Riposizionarsi in politica, si sa, costa fatica, richiede spalle molto larghe e soprattutto una credibilità che va trattata con cura. Se dovessimo pensare al principe del riposizionamento di questi ultimi anni non potremmo che cadere sulla figura di Giuseppe Conte, l’ex due volte presidente del Consiglio che è riuscito nell’impresa di governare con la Lega di Salvini per poi, nel giro di qualche mese, essere addirittura indicato come “il punto di riferimento dei progressisti” dal Partito democratico. Merito anche della liquidità di un’epoca politica in cui una buona narrazione conta molto di più degli ideali, Conte è riuscito a imbastire una drammaturgia perfettamente pop e magistralmente funzionale.

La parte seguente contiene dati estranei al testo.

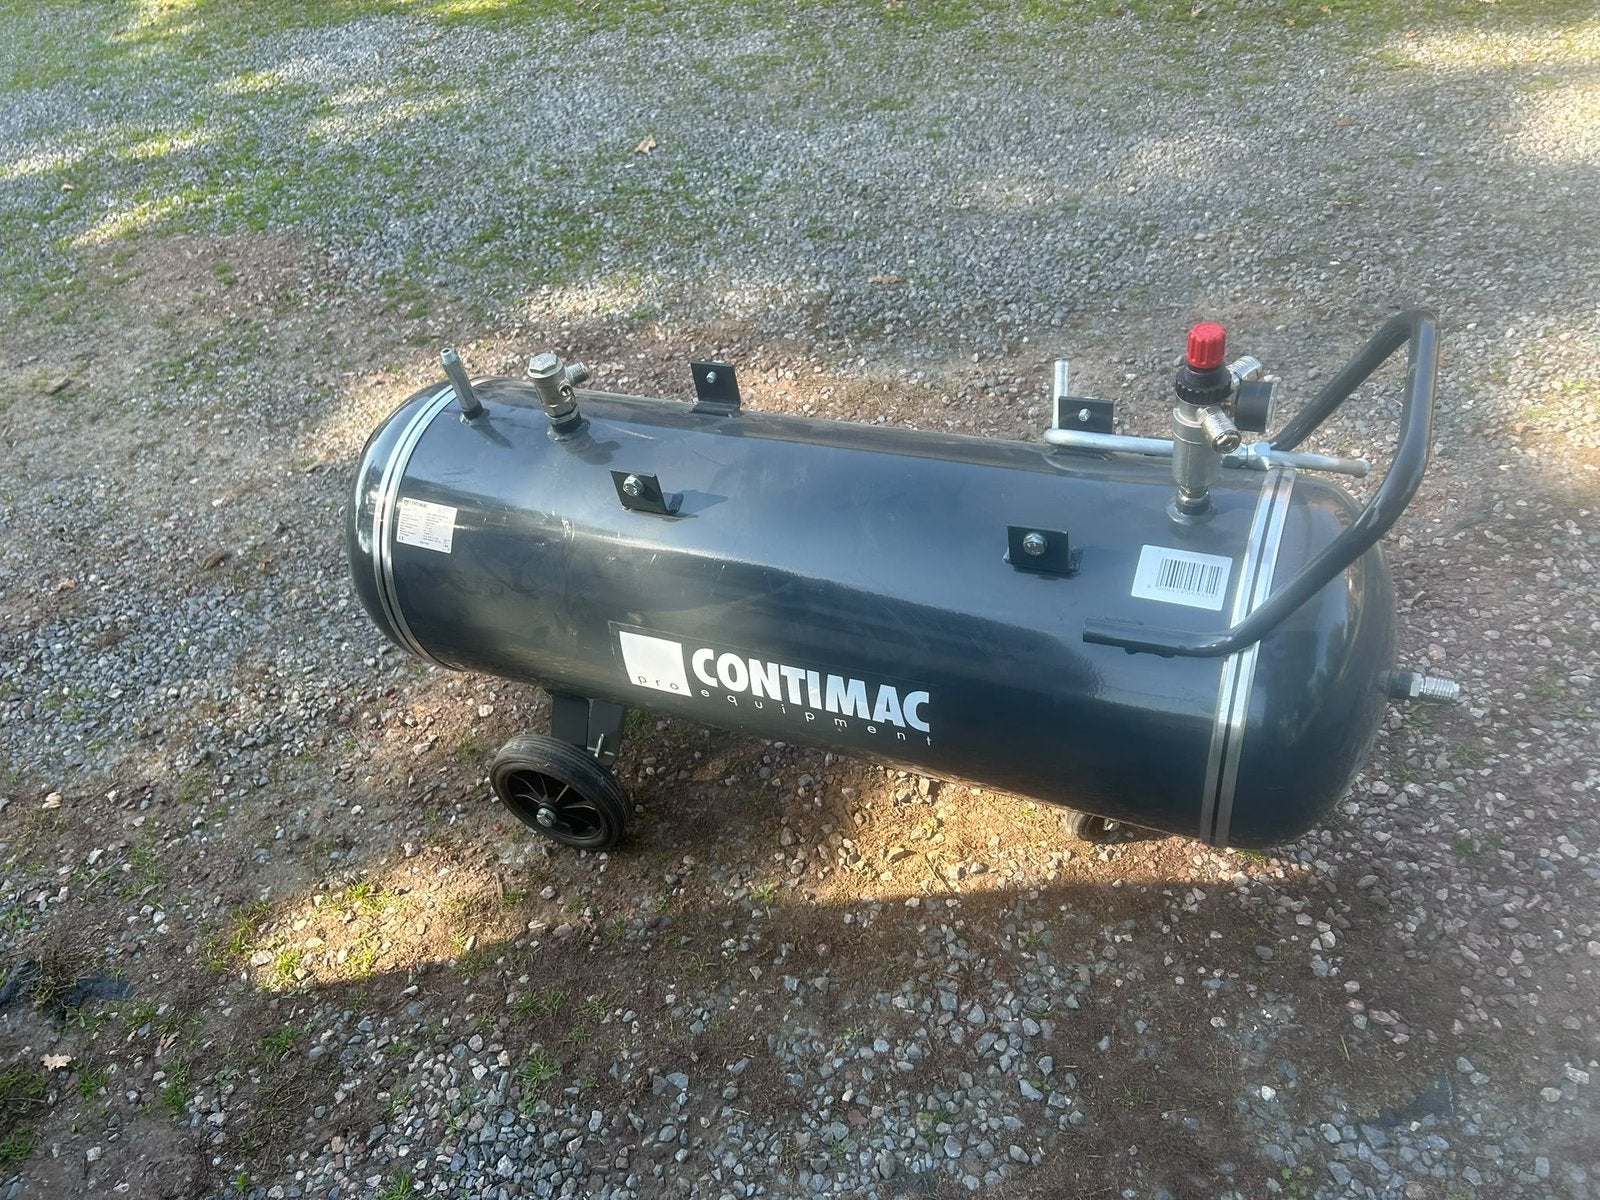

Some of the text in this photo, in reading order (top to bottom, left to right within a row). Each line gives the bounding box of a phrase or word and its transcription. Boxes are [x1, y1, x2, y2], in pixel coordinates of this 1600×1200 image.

[638, 675, 931, 746] pro equipment
[692, 648, 930, 732] CONTIMAC

Cambiare opinioni e posizioni non è un peccato, in politica può essere un pregio se l’evoluzione è motivata e risulta credibile a vecchi e nuovi elettori ma Conte sceglie per riposizionarsi la svilente strada della negazione e questo no, non è accettabile: «con i miei governi i porti non sono mai stati chiusi» ha detto l’ex presidente del Consiglio al webinar delle Agorà a cui ha partecipato con il segretario del Pd Enrico Letta. Un’affermazione (furbescamente accettabile dal punto di vista giuridico) che cozza furiosamente con il primo Conte, quello con Salvini al ministero dell’Interno e con tutta la fanfara dei “taxi del mare” e le Ong finite in decine di inchieste che si sono tutte dissolte. Basterebbe un’immagine per raccontare quel Conte: c’è il futuro leader del Movimento 5 Stelle che sorride sornione con il suo ministro Salvini reggendo un foglio con l’hashtag #decretosalvini e la dicitura “sicurezza e immigrazione”. Quello è stato il punto più alto (o più basso, a seconda dei punti di vista) della piena condivisione della linea leghista. Quel testo era stato approvato il 24 settembre 2018: il comunicato stampa del Consiglio dei ministri precisa che ci si riunì «alle ore 11.41 a Palazzo Chigi, sotto la presidenza del presidente Giuseppe Conte».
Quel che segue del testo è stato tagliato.